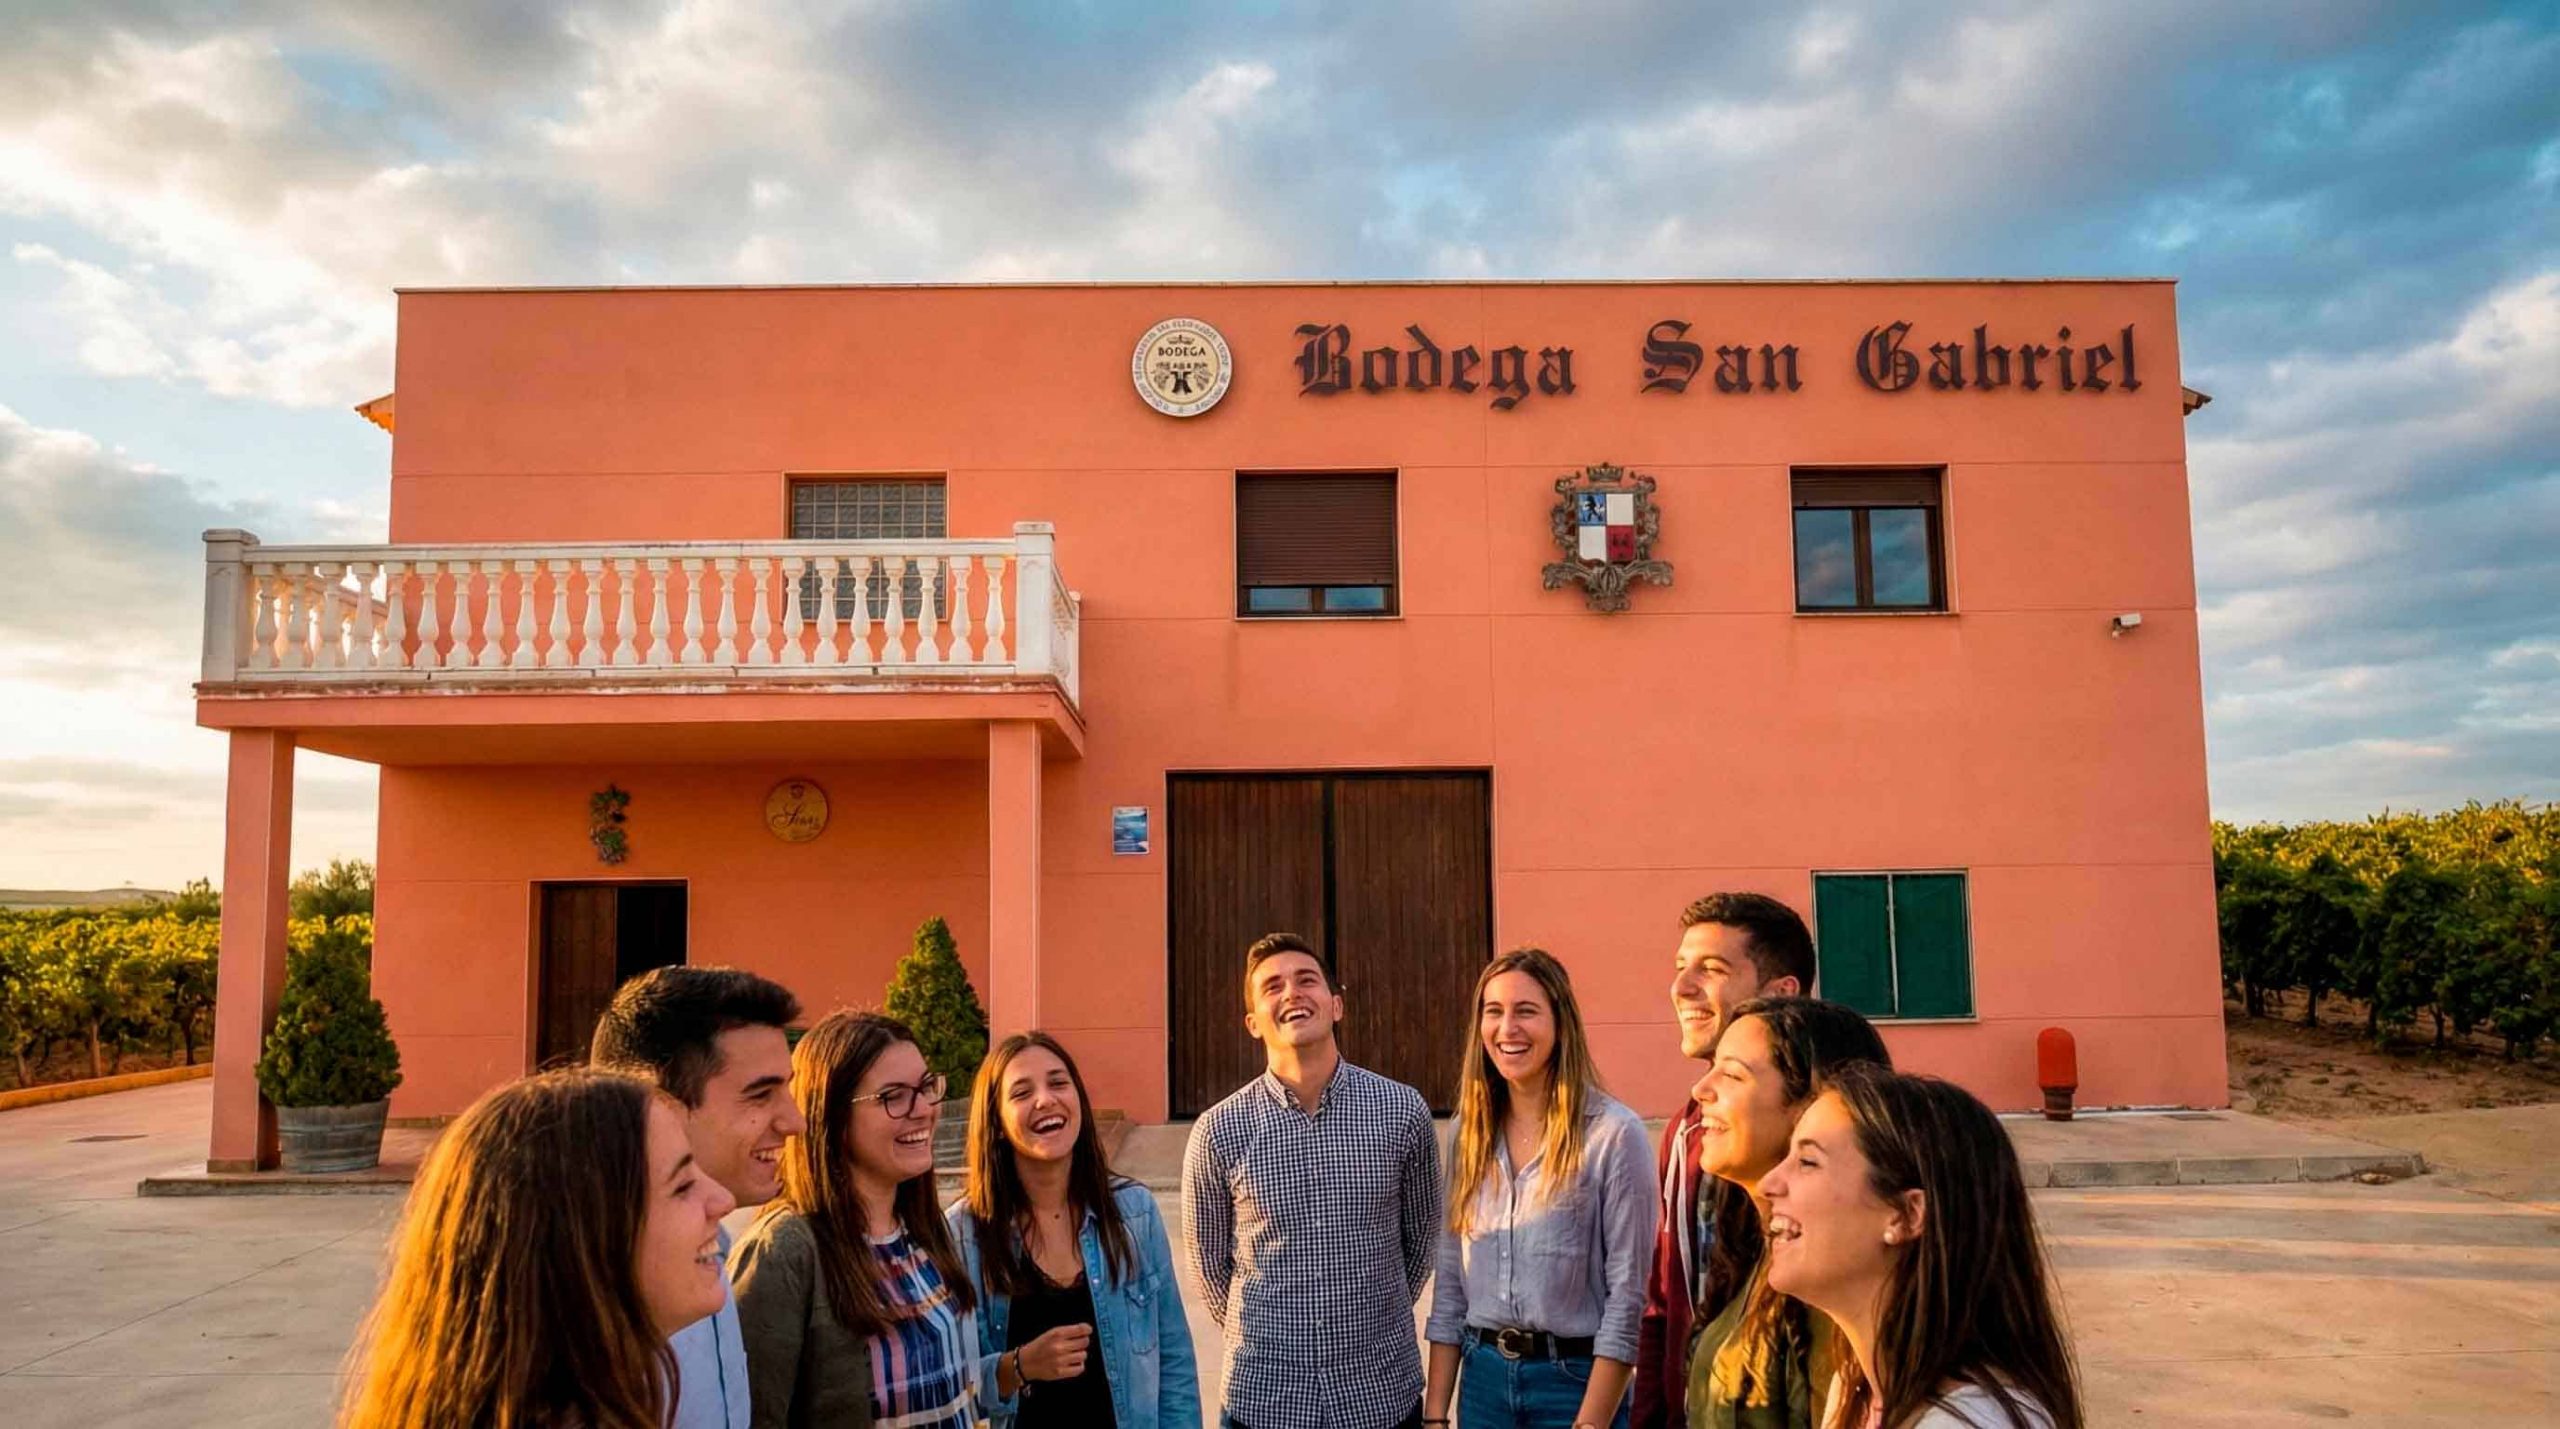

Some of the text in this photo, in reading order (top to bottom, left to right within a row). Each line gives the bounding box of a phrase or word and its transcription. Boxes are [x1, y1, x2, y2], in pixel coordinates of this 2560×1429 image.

[1157, 346, 1206, 357] BODEGA
[1295, 322, 1577, 411] Bodega
[1641, 319, 1803, 394] San
[1856, 320, 2142, 393] Gabriel

━━━━━━

• _Work order_:
Except for the pictures, copy every line of the records above exactly.

• _Solution below_:
Some of the text in this photo, in reading order (top to bottom, left to right within a row). Each line gives the bounding box of a phrase or word and its transcription. Boxes are [x1, y1, x2, y2], in pixel coordinates of this 2560×1429 image.

[1157, 346, 1206, 357] BODEGA
[1295, 322, 1577, 411] Bodega
[1641, 319, 1803, 394] San
[1856, 320, 2142, 393] Gabriel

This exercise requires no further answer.